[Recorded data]
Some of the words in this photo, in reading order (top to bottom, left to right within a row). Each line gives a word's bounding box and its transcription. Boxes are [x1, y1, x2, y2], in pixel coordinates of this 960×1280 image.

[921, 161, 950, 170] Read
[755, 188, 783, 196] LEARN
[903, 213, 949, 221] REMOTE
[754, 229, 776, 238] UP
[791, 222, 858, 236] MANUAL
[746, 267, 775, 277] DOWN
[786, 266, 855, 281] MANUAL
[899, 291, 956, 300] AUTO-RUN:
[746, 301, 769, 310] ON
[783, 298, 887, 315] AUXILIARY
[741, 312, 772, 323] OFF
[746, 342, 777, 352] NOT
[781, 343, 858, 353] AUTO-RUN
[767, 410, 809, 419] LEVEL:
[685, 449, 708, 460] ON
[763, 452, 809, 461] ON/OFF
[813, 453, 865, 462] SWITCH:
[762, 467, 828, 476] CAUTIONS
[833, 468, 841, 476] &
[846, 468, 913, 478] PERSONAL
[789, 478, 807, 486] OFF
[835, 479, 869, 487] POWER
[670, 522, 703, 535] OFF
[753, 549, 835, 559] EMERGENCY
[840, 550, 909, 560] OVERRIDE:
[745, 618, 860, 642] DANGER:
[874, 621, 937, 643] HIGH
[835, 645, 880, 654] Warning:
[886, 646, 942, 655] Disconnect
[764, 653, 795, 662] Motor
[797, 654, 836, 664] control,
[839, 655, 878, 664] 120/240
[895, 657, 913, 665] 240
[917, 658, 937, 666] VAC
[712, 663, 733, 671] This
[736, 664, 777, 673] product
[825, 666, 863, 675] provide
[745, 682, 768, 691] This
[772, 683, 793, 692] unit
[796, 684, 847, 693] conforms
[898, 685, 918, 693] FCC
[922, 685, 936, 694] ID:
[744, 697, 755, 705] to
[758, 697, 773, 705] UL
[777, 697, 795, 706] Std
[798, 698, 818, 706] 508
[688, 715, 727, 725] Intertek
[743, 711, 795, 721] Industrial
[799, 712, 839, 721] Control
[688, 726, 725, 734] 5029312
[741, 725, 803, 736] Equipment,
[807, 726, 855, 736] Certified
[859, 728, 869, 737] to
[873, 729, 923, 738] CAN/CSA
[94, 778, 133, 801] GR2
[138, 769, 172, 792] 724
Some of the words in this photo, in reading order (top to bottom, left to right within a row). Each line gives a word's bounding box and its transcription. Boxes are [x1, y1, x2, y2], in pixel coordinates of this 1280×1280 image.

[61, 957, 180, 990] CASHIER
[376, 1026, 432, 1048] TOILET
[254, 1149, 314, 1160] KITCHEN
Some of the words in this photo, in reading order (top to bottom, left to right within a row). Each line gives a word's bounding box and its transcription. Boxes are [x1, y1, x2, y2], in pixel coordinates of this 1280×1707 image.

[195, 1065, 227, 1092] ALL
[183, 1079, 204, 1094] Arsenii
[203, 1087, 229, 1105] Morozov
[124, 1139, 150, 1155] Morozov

▸ **Aim of the task**
Every record shown above must be echoed exactly.

▸ **Exercise output**
Some of the words in this photo, in reading order (top to bottom, left to right within a row). Each line gives a word's bounding box and its transcription. Boxes are [x1, y1, x2, y2], in pixel coordinates of this 960×1280 image.

[921, 161, 950, 170] Read
[755, 188, 783, 196] LEARN
[903, 213, 949, 221] REMOTE
[754, 229, 776, 238] UP
[791, 222, 858, 236] MANUAL
[746, 267, 775, 277] DOWN
[786, 266, 855, 281] MANUAL
[899, 291, 956, 300] AUTO-RUN:
[746, 301, 769, 310] ON
[783, 298, 887, 315] AUXILIARY
[741, 312, 772, 323] OFF
[746, 342, 777, 352] NOT
[781, 343, 858, 353] AUTO-RUN
[767, 410, 809, 419] LEVEL:
[685, 449, 708, 460] ON
[763, 452, 809, 461] ON/OFF
[813, 453, 865, 462] SWITCH:
[762, 467, 828, 476] CAUTIONS
[833, 468, 841, 476] &
[846, 468, 913, 478] PERSONAL
[789, 478, 807, 486] OFF
[835, 479, 869, 487] POWER
[670, 522, 703, 535] OFF
[753, 549, 835, 559] EMERGENCY
[840, 550, 909, 560] OVERRIDE:
[745, 618, 860, 642] DANGER:
[874, 621, 937, 643] HIGH
[835, 645, 880, 654] Warning:
[886, 646, 942, 655] Disconnect
[764, 653, 795, 662] Motor
[797, 654, 836, 664] control,
[839, 655, 878, 664] 120/240
[895, 657, 913, 665] 240
[917, 658, 937, 666] VAC
[712, 663, 733, 671] This
[736, 664, 777, 673] product
[825, 666, 863, 675] provide
[745, 682, 768, 691] This
[772, 683, 793, 692] unit
[796, 684, 847, 693] conforms
[898, 685, 918, 693] FCC
[922, 685, 936, 694] ID:
[744, 697, 755, 705] to
[758, 697, 773, 705] UL
[777, 697, 795, 706] Std
[798, 698, 818, 706] 508
[688, 715, 727, 725] Intertek
[743, 711, 795, 721] Industrial
[799, 712, 839, 721] Control
[688, 726, 725, 734] 5029312
[741, 725, 803, 736] Equipment,
[807, 726, 855, 736] Certified
[859, 728, 869, 737] to
[873, 729, 923, 738] CAN/CSA
[94, 778, 133, 801] GR2
[138, 769, 172, 792] 724
Some of the words in this photo, in reading order (top to bottom, left to right within a row). Each line gives a word's bounding box and its transcription. Boxes are [x1, y1, x2, y2], in pixel coordinates of this 1280×1280 image.

[61, 957, 180, 990] CASHIER
[376, 1026, 432, 1048] TOILET
[254, 1149, 314, 1160] KITCHEN
Some of the words in this photo, in reading order (top to bottom, left to right within a row). Each line gives a word's bounding box and its transcription. Boxes are [x1, y1, x2, y2], in pixel coordinates of this 1280×1707 image.

[195, 1065, 227, 1092] ALL
[183, 1079, 204, 1094] Arsenii
[203, 1087, 229, 1105] Morozov
[124, 1139, 150, 1155] Morozov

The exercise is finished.